# Latency-Insensitive Finite State Machine

I am new in CIRCT. In calyx dialect, I encountered the concept latency-insensitive FSM which I am not familiar with. I have tried my best to search it on the internet but found nothing helpful. Can someone here provide some papers or reading materials about how latency-insensitive FSM is implemented?

I think the latency-insensitive FSM’s implementation is helped with centralized FSM controller and done signals just like Fig2c in the paper that proposed calyx. Is this Correct?

Hey, Calyx author here. By default, components and groups execute in a latency-insensitive manner, that is, we do not assume anything about how many cycles they take to finish executing (i.e., their latency).

Because of this, when Calyx lowers control operators like `seq`, `par`, `if`, etc., it needs to generate finite state machines (FSMs) that do not make assumptions about the latency of the groups executing within.
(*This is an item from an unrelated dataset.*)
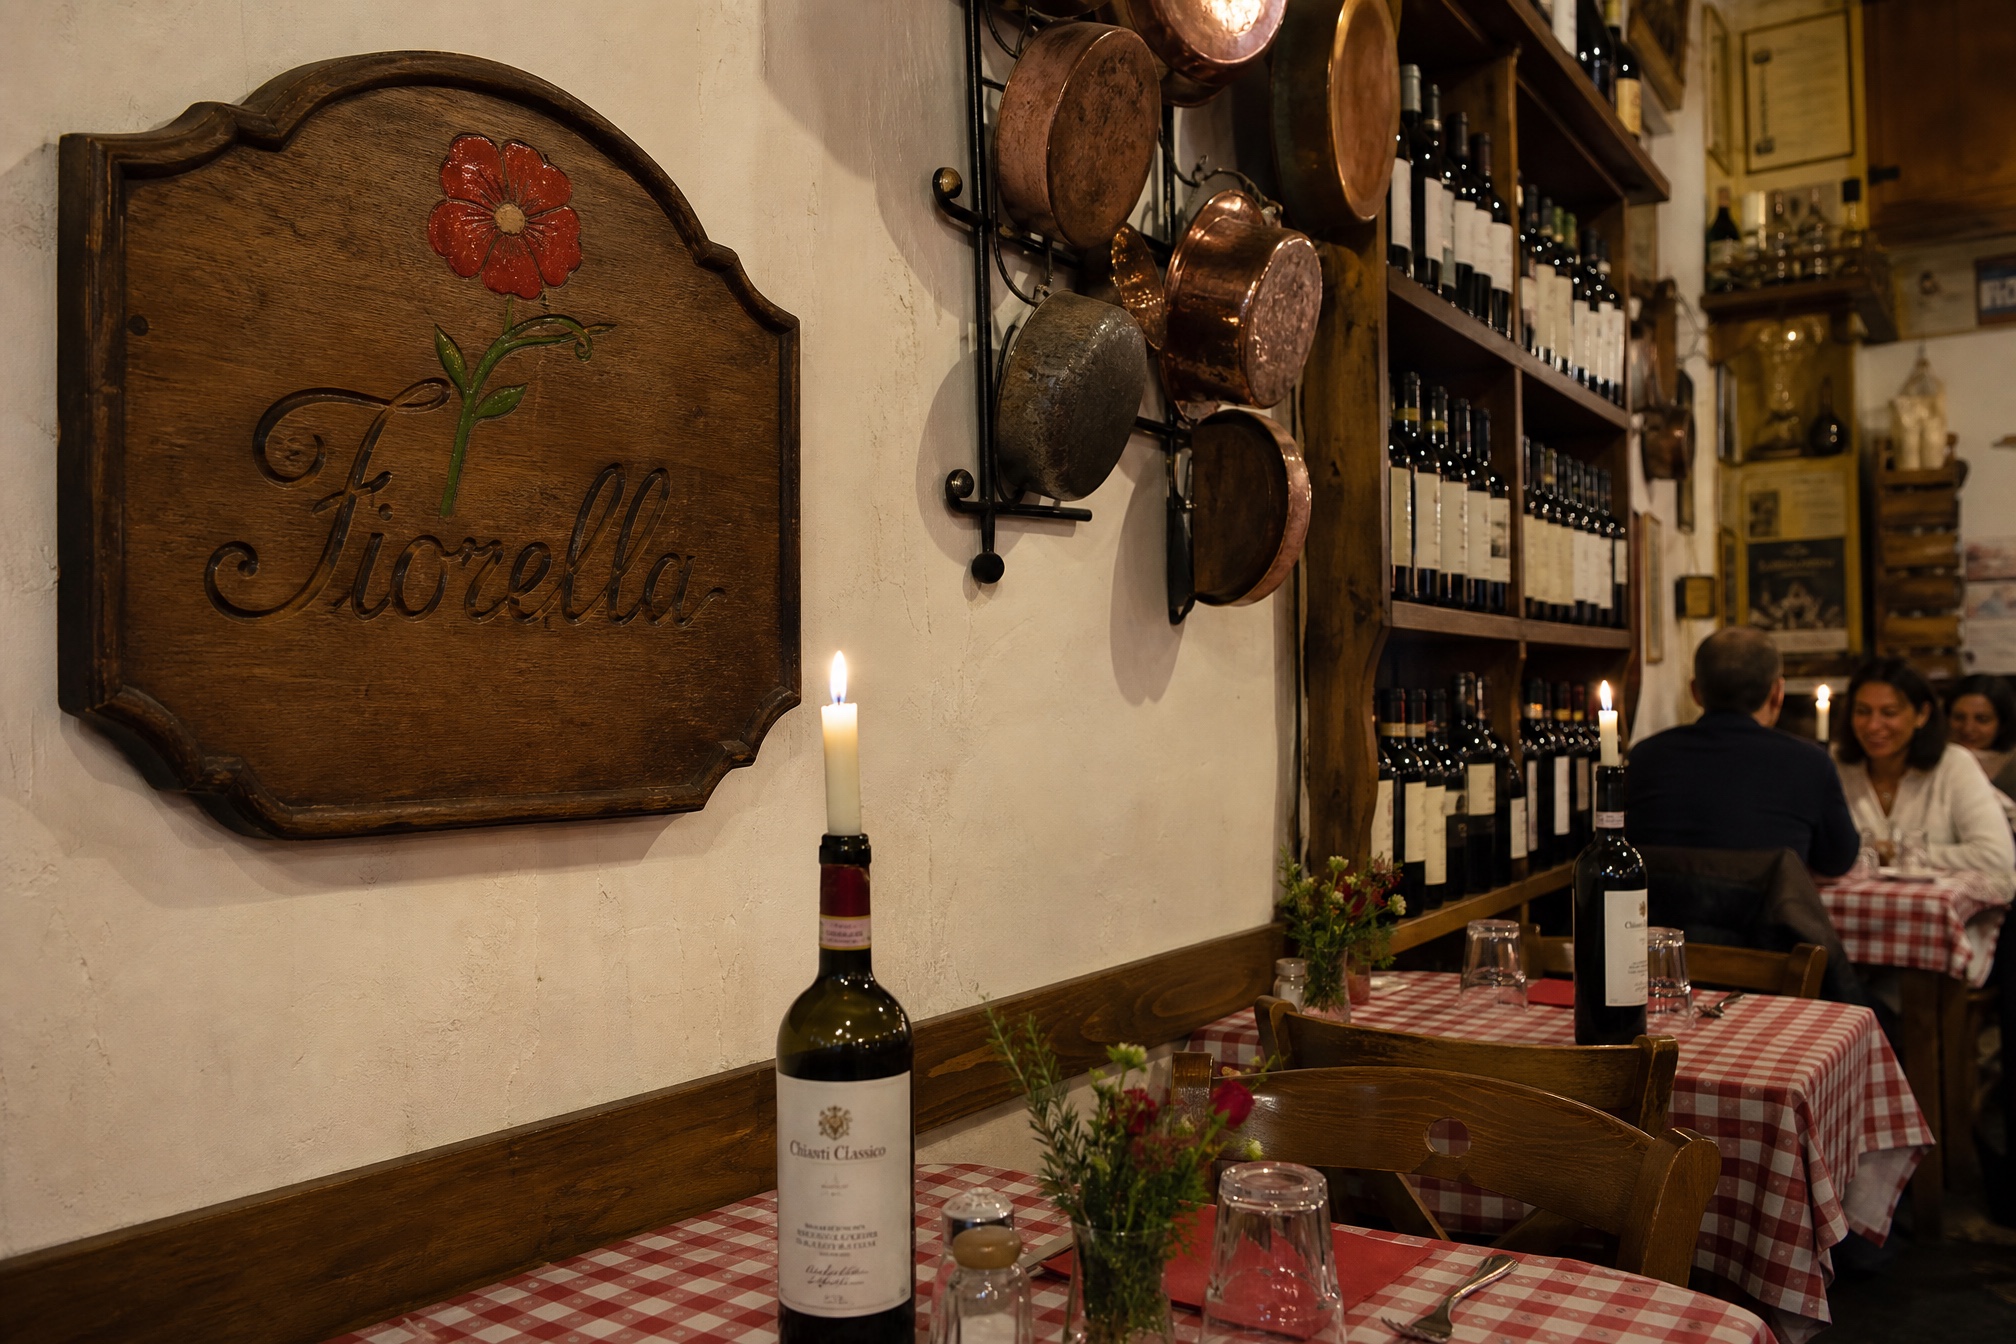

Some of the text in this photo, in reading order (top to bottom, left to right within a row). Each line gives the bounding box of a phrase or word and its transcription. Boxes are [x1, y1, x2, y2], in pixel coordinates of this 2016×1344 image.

Because of this, the FSM transitions purely based on the `done` signals of the group. For example, we if have:

``````seq { one; two; three; }
``````

We generate an FSM that looks like:

``````// activations
one[go] = fsm.in == 0 ? 1;
two[go] = fsm.in == 1 ? 1;
three[go] = fsm.in == 2 ? 1;
// transitions
fsm.in = fsm.out == 0 & one[done] ? 1;
fsm.in = fsm.out == 1 & two[done] ? 2;
fsm.in = fsm.out == 2 & threedone] ? 3;
``````

Note how the FSM transitions need to wait for the group to signal that it is done before it can move to the next state. This is what we mean by latency-insensitive FSMs.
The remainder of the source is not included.